I came across a theorem that boyd uses to convert the simplex to the form of a polyhedra. I don't know anything about this theorem. Theorem states:
If $B$ has rank $k$, then we can find two matrices $A_1$ and $A_2$ such that: $AB = \left[\begin{array}{c}A_1 \\ A_2\end{array}\right]B = \left[\begin{array}{c}I \\ 0\end{array}\right]$
Can someone give me some direction?
On
One alternative (but not computationally recommended) way to see this is to apply singular value decomposition (SVD). Suppose $B$ is $n\times k$, where $n\ge k=\operatorname{rank}(B)$. By SVD, there exist an $n\times n$ unitary matrix $U$, a $k\times k$ positive diagonal matrix $\Sigma$ and a $k\times k$ unitary matrix $V$ such that $$ B = U\begin{pmatrix}\Sigma\\0\end{pmatrix}V^\ast. $$ Rewriting this as $$ B = U\begin{pmatrix}\Sigma V^\ast\\&I_{n-k}\end{pmatrix}\begin{pmatrix}I_k\\0\end{pmatrix},\ \text{ i.e. } \ \underbrace{\begin{pmatrix}V\Sigma^{-1}\\&I_{n-k}\end{pmatrix}U^\ast}_{A}\ B = \begin{pmatrix}I_k\\0\end{pmatrix}. $$ So, $A_1$ is the first $k$ rows of $A$ and $A_2$ is the last $n-k$ rows of $A$.
A similar way to obtain $A$ is to bring $B$ to a row-reduced echelon form by left-multiplication of a product of elementary matrices first, and then bring the new $B$ to a column-reduced echelon form by right-multiplication of a product $E$ of elementary matrices. Then move $E$ from the right to the left in a manner like we move $V^\ast$ from the right to the left in the above.

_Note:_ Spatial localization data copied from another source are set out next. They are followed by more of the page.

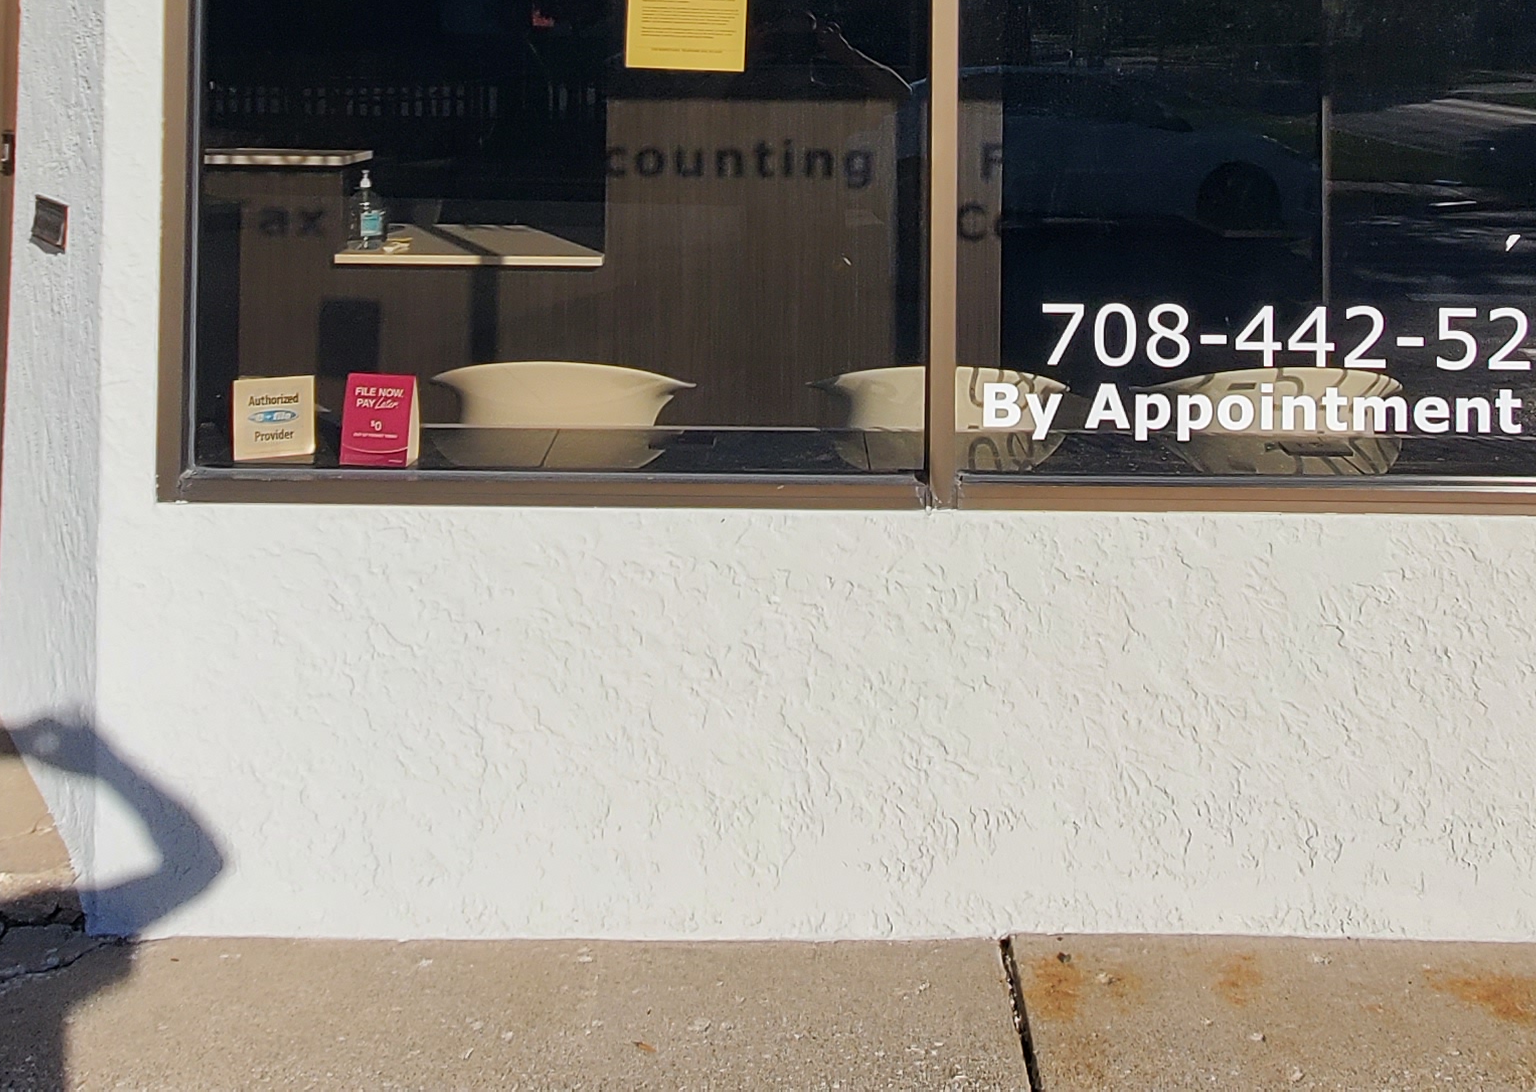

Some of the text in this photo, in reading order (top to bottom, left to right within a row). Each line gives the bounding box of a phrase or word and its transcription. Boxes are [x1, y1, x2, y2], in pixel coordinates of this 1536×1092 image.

[355, 387, 377, 396] FILE
[248, 393, 299, 406] Authorized
[356, 398, 376, 408] PAY
[981, 381, 1064, 441] By
[1083, 381, 1523, 442] Appointment
[254, 429, 294, 442] Provider
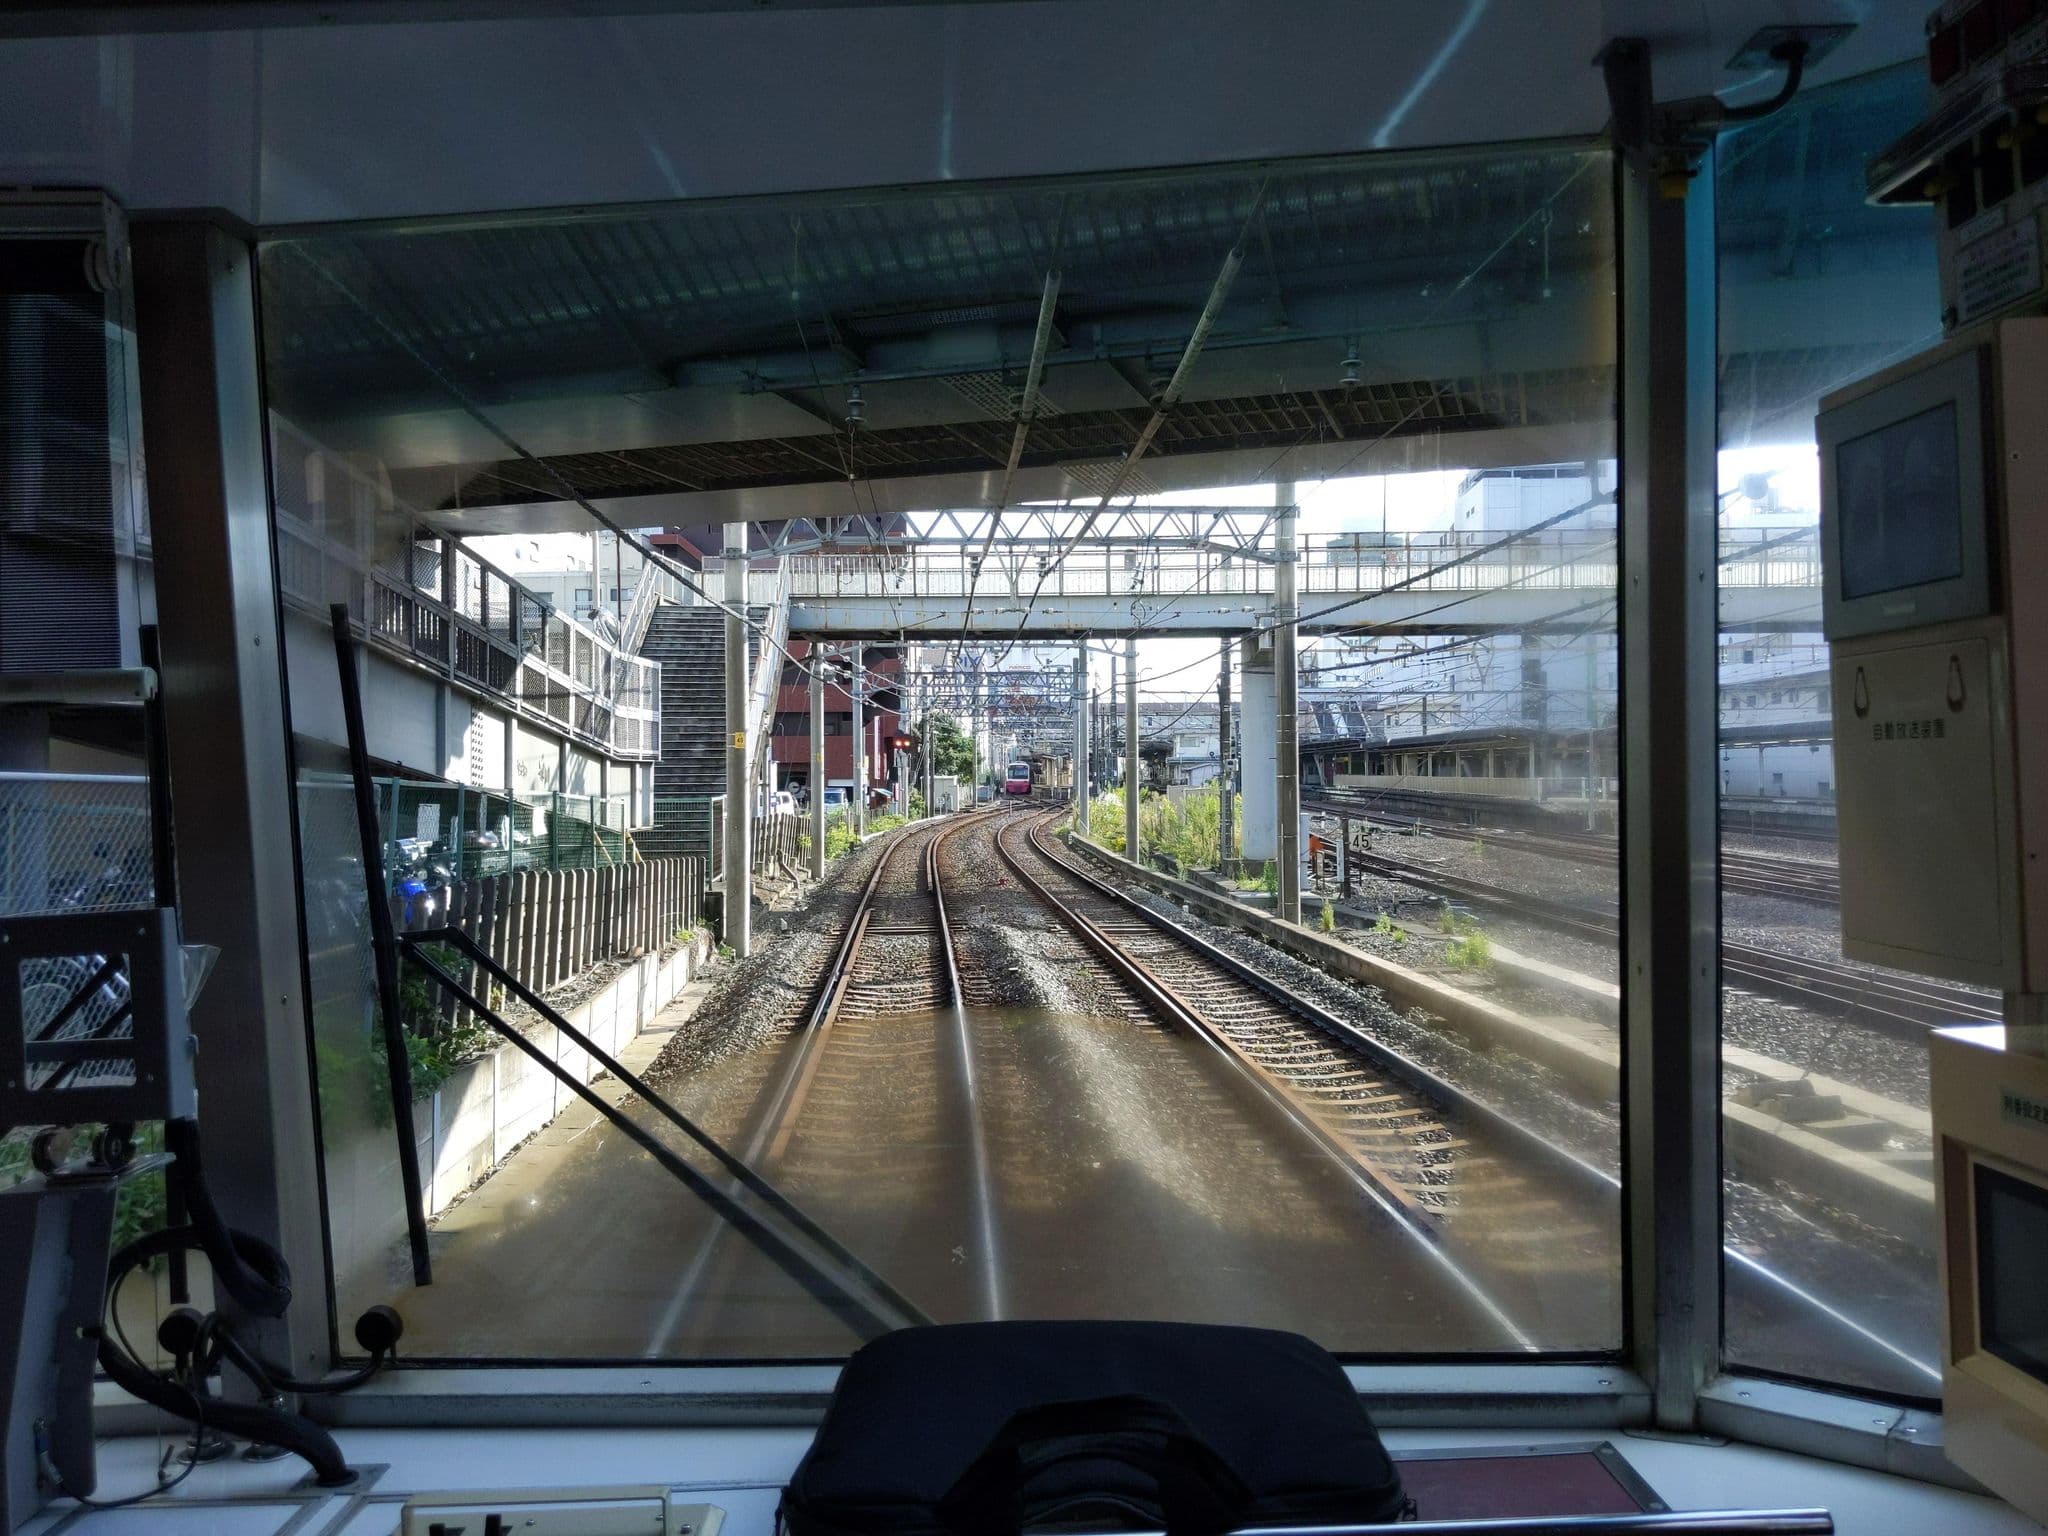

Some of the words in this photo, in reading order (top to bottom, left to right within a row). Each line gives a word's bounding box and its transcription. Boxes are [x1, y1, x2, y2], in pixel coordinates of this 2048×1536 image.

[1872, 718, 1945, 741] 自動放送装置
[1352, 834, 1370, 849] 45
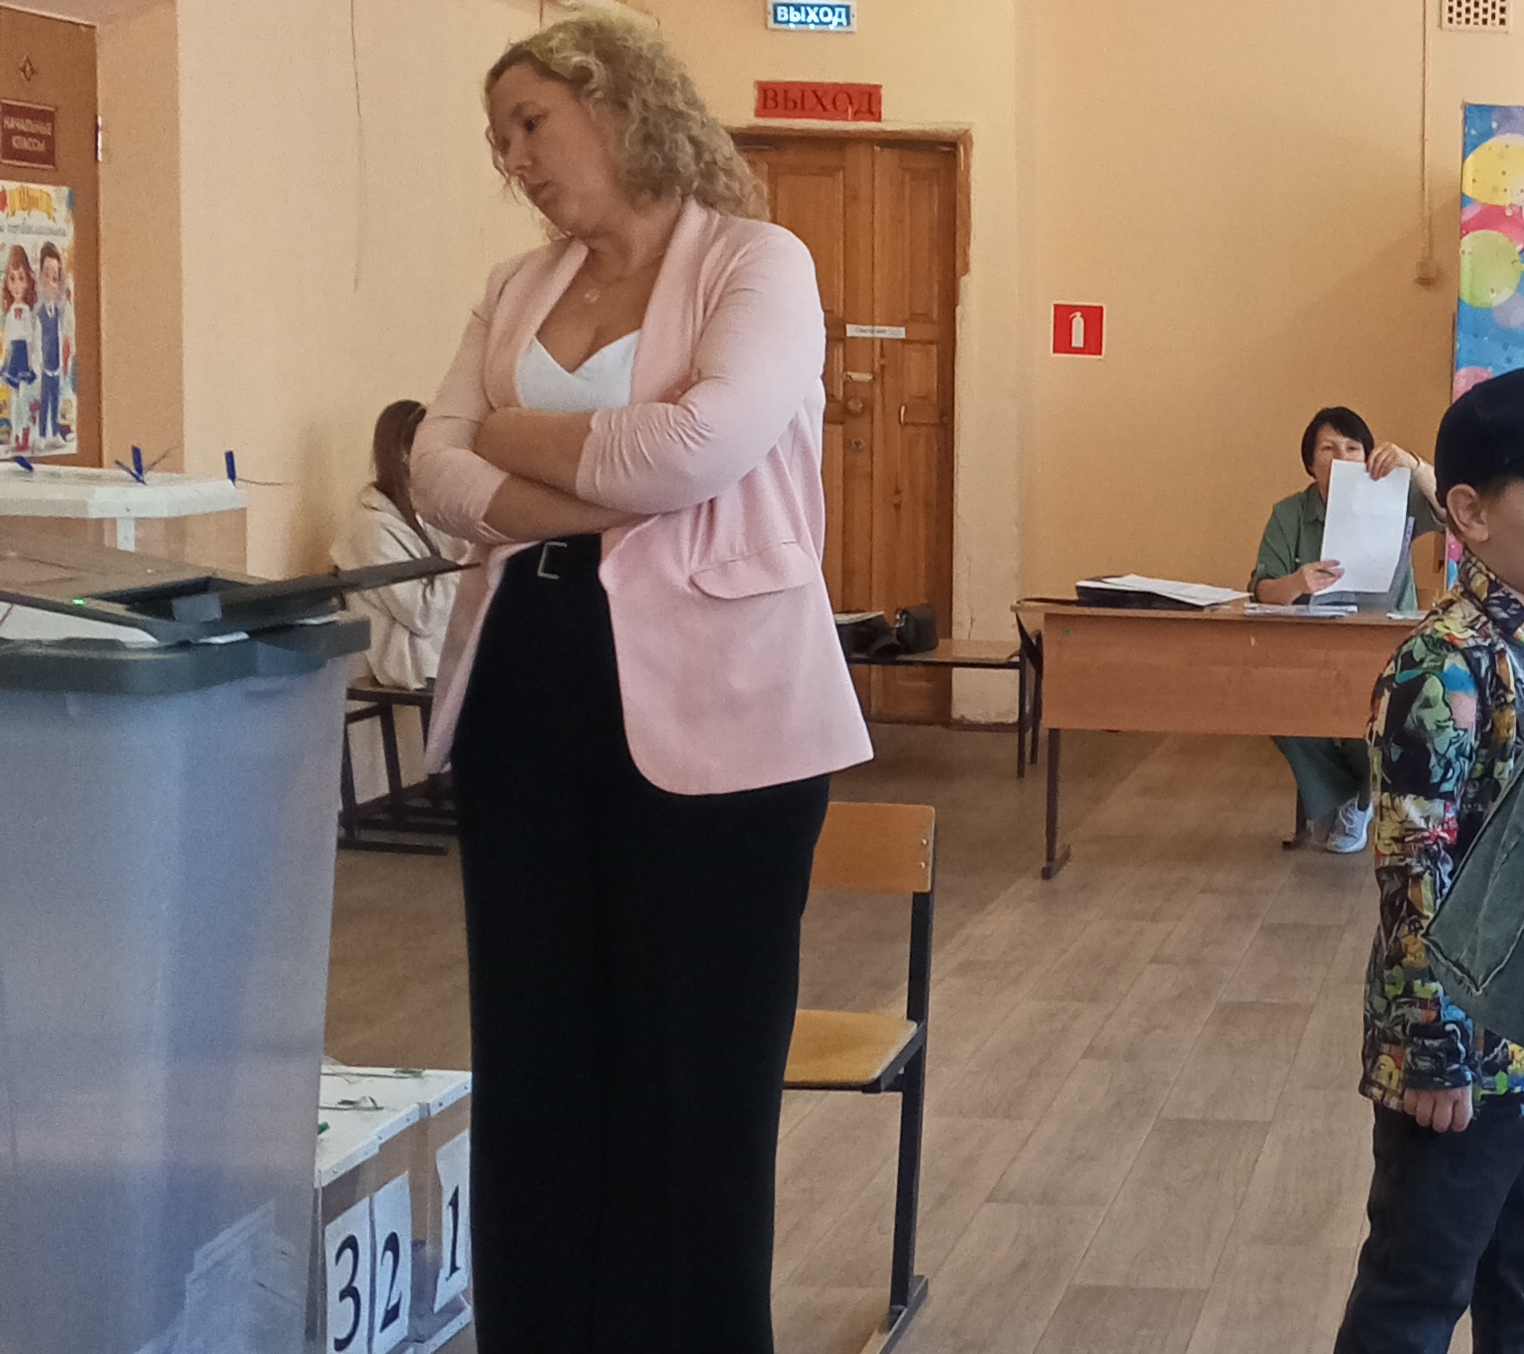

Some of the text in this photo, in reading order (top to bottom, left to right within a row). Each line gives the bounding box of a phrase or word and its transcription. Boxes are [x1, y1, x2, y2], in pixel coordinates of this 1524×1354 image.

[776, 5, 847, 27] ВЫХОД
[761, 87, 875, 116] ВЫХОД
[379, 1230, 402, 1334] 2
[447, 1185, 461, 1283] 1
[333, 1233, 361, 1353] 3
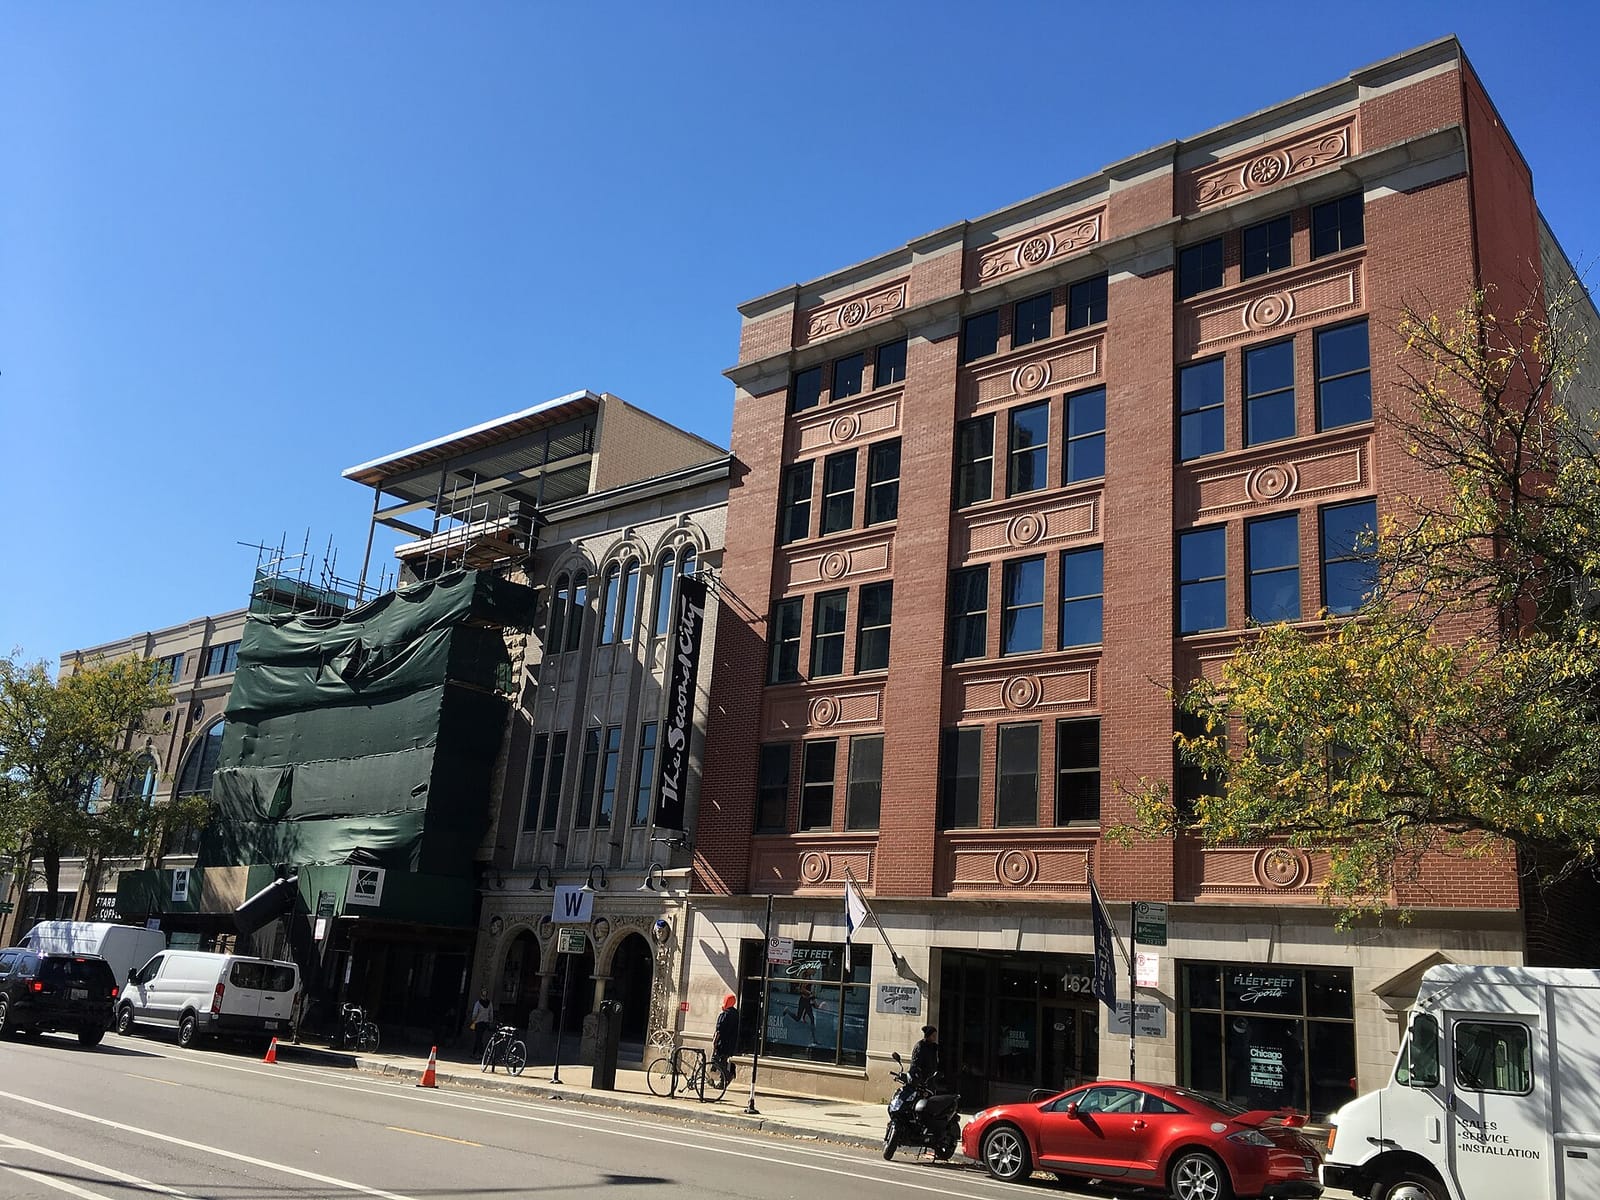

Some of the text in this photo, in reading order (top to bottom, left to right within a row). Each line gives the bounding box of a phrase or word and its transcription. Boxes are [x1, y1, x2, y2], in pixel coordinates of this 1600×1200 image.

I am presuming you mean that $B$ has full rank, and the dimension of $B$'s domain is $k$ which is greater than or equal to the dimension of the codomain. (I am assuming greater than in the following, as if the dimensions are the same then you can trivially take $A= B^{-1}$.)
(If $B=\begin{bmatrix} 1 & 0 \end{bmatrix}$, then $B$ has rank $1$, but no matrix $A$ can transform $B$ into the above form.)
Hence we may suppose $B$ has the form $B = \begin{bmatrix} b_1 & \cdots & b_k \end{bmatrix}$, where $b_k$ are linearly independent. Since we are assuming that $B$ has rank $k$, we can find a permutation matrix $\Pi$ such that the top $k \times k$ portion of $\Pi B$ is invertible. Write $\Pi B = \tilde{B} = \begin{bmatrix} \tilde{B_1} \\ \tilde{B_2} \end{bmatrix}$, where $\tilde{B_1}$ is $k \times k$. Then let $\tilde{A}= \begin{bmatrix} \tilde{B_1}^{-1} & 0 \\ -\tilde{B_2}\tilde{B_1}^{-1} & I \end{bmatrix}$, and notice that $(\tilde{A} \Pi) B = \begin{bmatrix} I \\ 0 \end{bmatrix}$. To finish, let $A = \begin{bmatrix} A_1 \\ A_2 \end{bmatrix} = \tilde{A} \Pi$.